[Collected data]
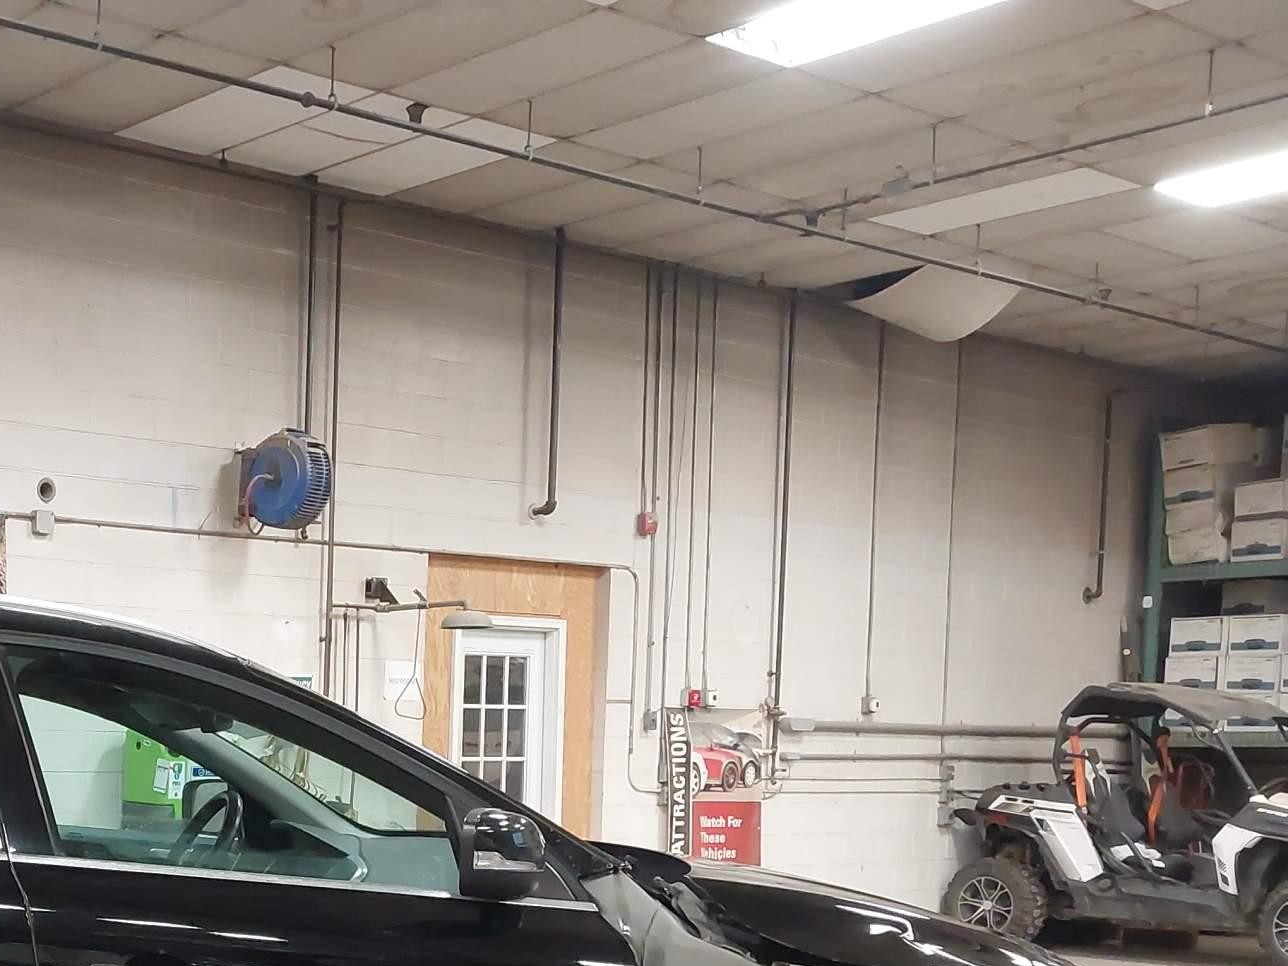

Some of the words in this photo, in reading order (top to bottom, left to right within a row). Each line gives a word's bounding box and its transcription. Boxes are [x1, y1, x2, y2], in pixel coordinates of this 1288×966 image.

[670, 713, 688, 856] ATTRACTIONS
[699, 815, 725, 828] Watch
[727, 815, 743, 828] For
[699, 831, 726, 844] These
[700, 847, 737, 860] Vehicles
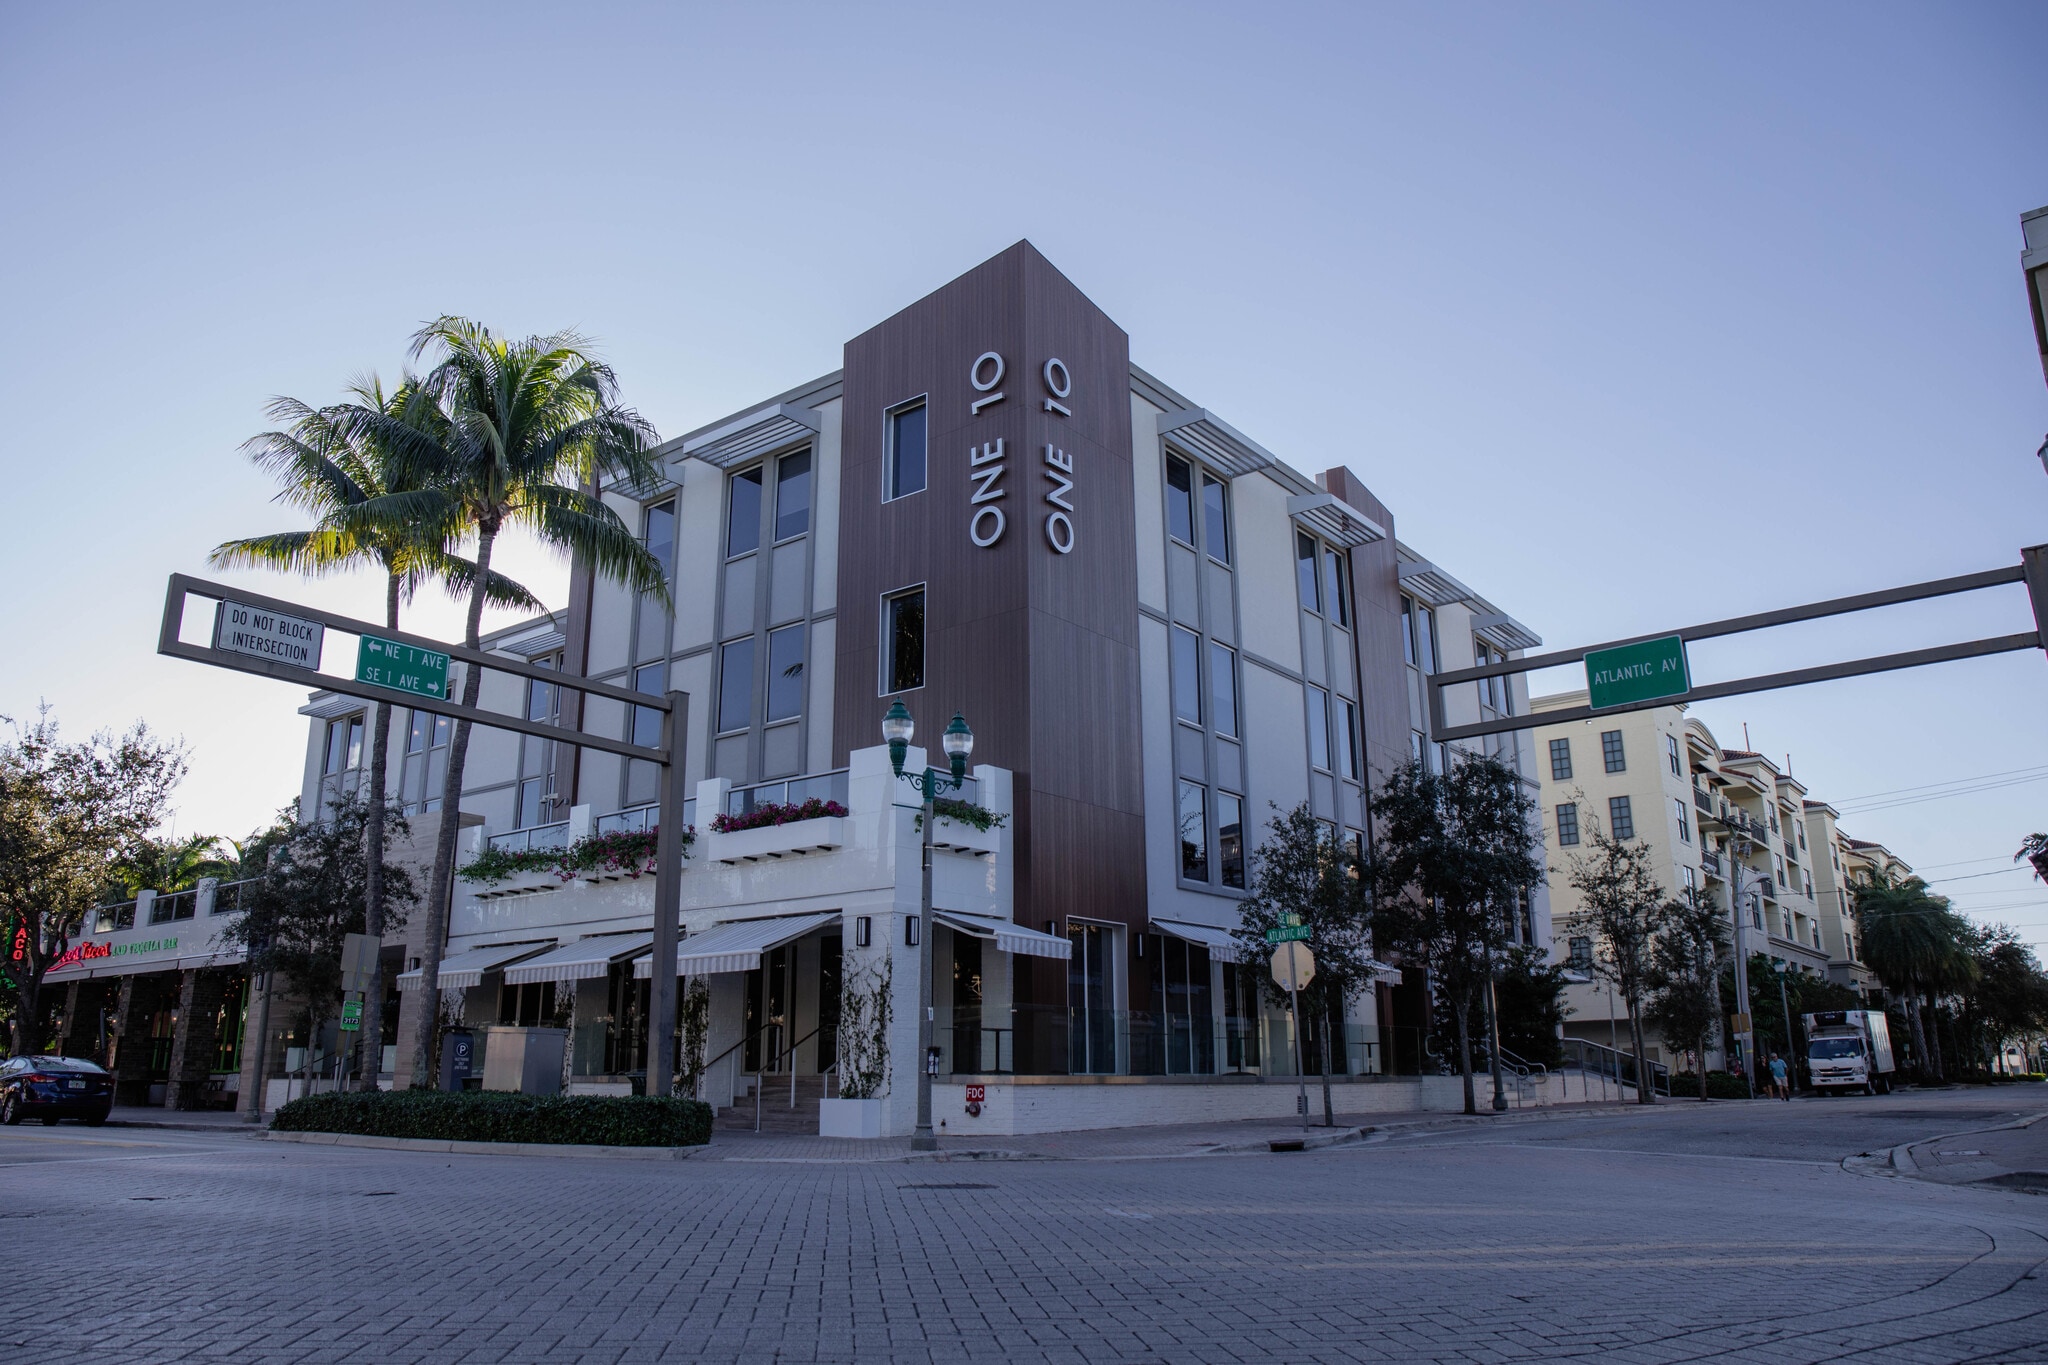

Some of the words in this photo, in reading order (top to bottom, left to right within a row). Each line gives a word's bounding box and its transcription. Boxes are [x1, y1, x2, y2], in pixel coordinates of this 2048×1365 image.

[971, 352, 1006, 416] 10
[1043, 358, 1071, 417] 10
[971, 438, 1006, 547] ONE
[1045, 443, 1074, 554] ONE
[232, 609, 247, 625] DO
[253, 614, 274, 632] NOT
[279, 621, 313, 641] BLOCK
[232, 631, 308, 661] INTERSECTION
[385, 643, 400, 660] NE
[409, 649, 413, 663] 1
[421, 653, 443, 670] AVE
[366, 667, 380, 682] SE
[387, 671, 391, 684] 1
[399, 673, 420, 690] AVE
[1595, 662, 1653, 685] ATLANTIC
[1662, 657, 1677, 672] AV
[13, 917, 27, 960] ACO
[1269, 928, 1295, 941] ATLANTIC
[1297, 926, 1309, 938] AVE
[966, 1087, 983, 1098] FDC
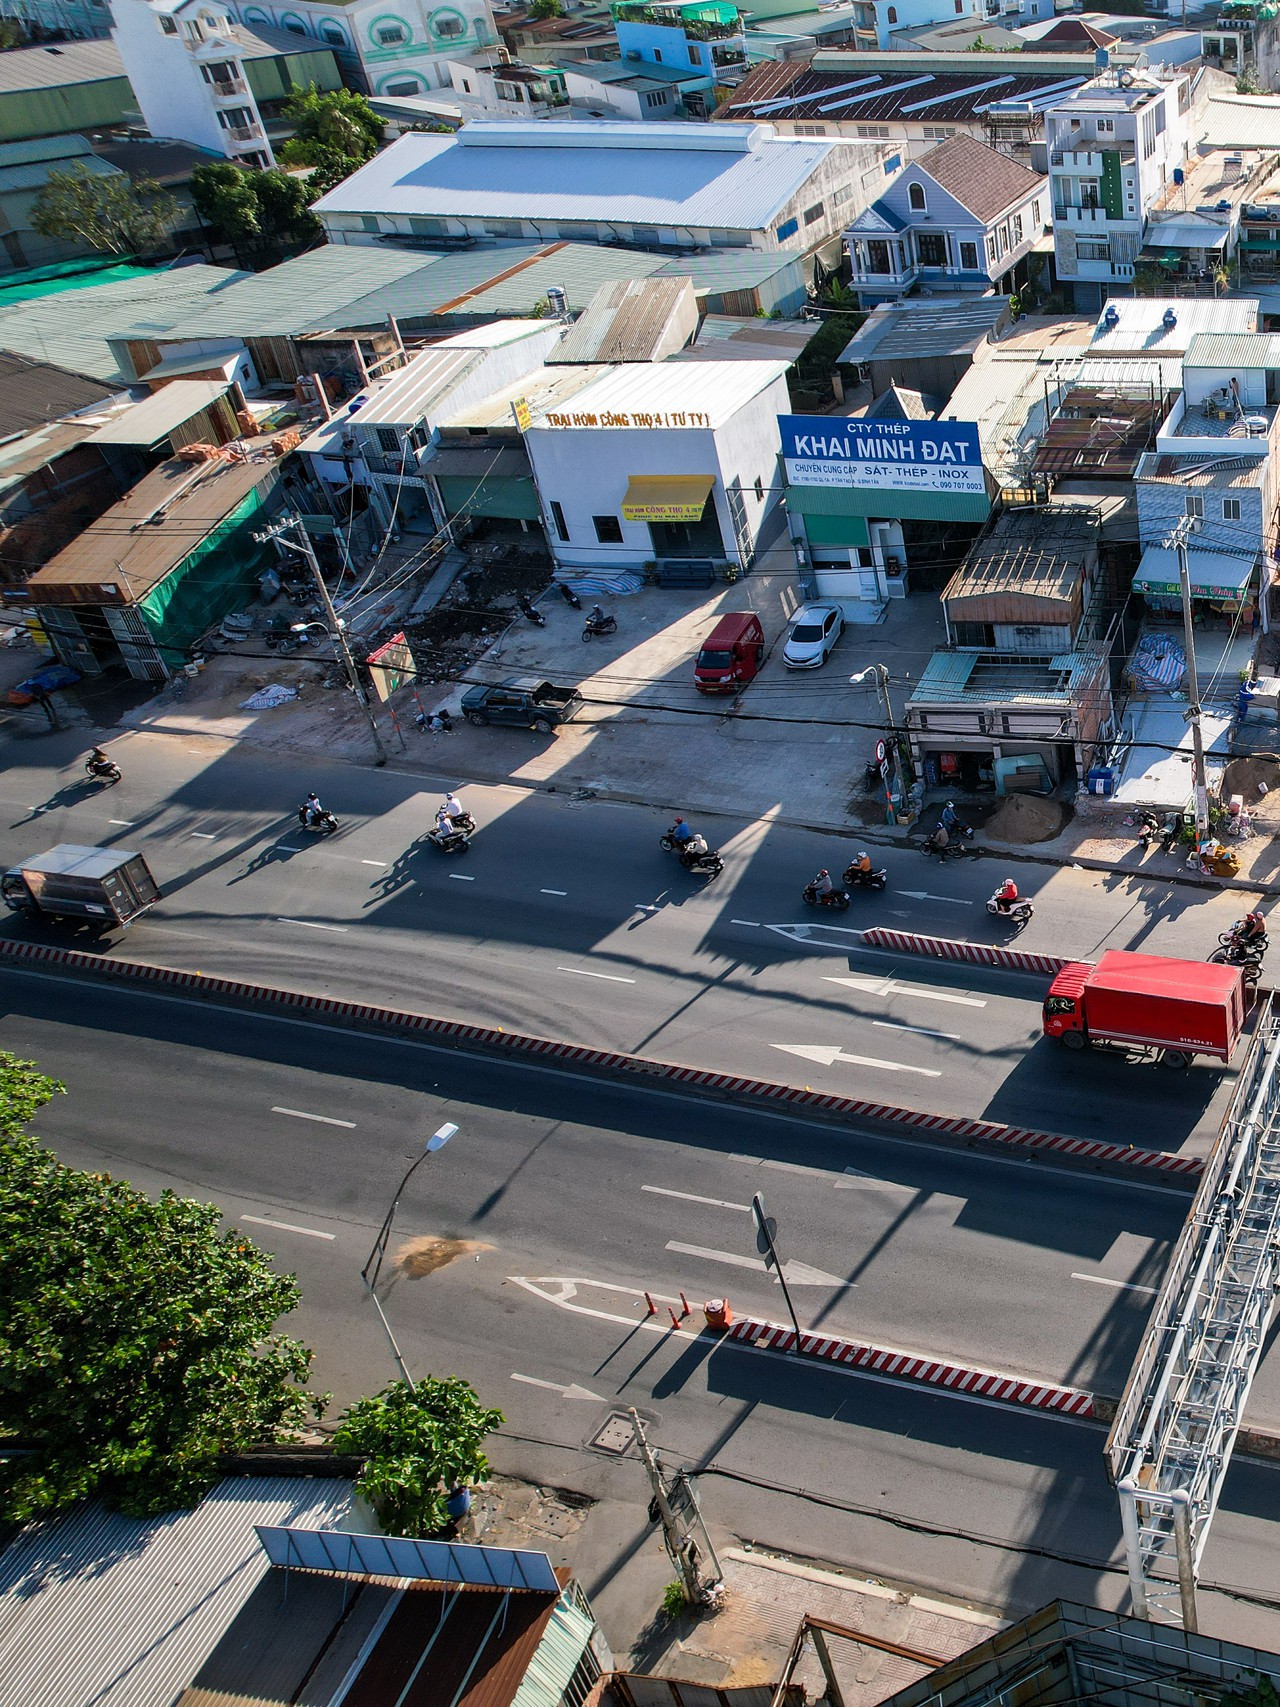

_Problem to solve_. Retype word for word the span of lines above that begins with the line containing "this 2048×1365 image." and ends with the last line of the records; skip all pictures.

_Written response_.
Some of the words in this photo, in reading order (top to bottom, left to right within a row). Each line gives a word's bounding box and its transcription. Boxes are [x1, y1, x2, y2], in pixel coordinates of this 2048×1365 image.

[971, 352, 1006, 416] 10
[1043, 358, 1071, 417] 10
[971, 438, 1006, 547] ONE
[1045, 443, 1074, 554] ONE
[232, 609, 247, 625] DO
[253, 614, 274, 632] NOT
[279, 621, 313, 641] BLOCK
[232, 631, 308, 661] INTERSECTION
[385, 643, 400, 660] NE
[409, 649, 413, 663] 1
[421, 653, 443, 670] AVE
[366, 667, 380, 682] SE
[387, 671, 391, 684] 1
[399, 673, 420, 690] AVE
[1595, 662, 1653, 685] ATLANTIC
[1662, 657, 1677, 672] AV
[13, 917, 27, 960] ACO
[1269, 928, 1295, 941] ATLANTIC
[1297, 926, 1309, 938] AVE
[966, 1087, 983, 1098] FDC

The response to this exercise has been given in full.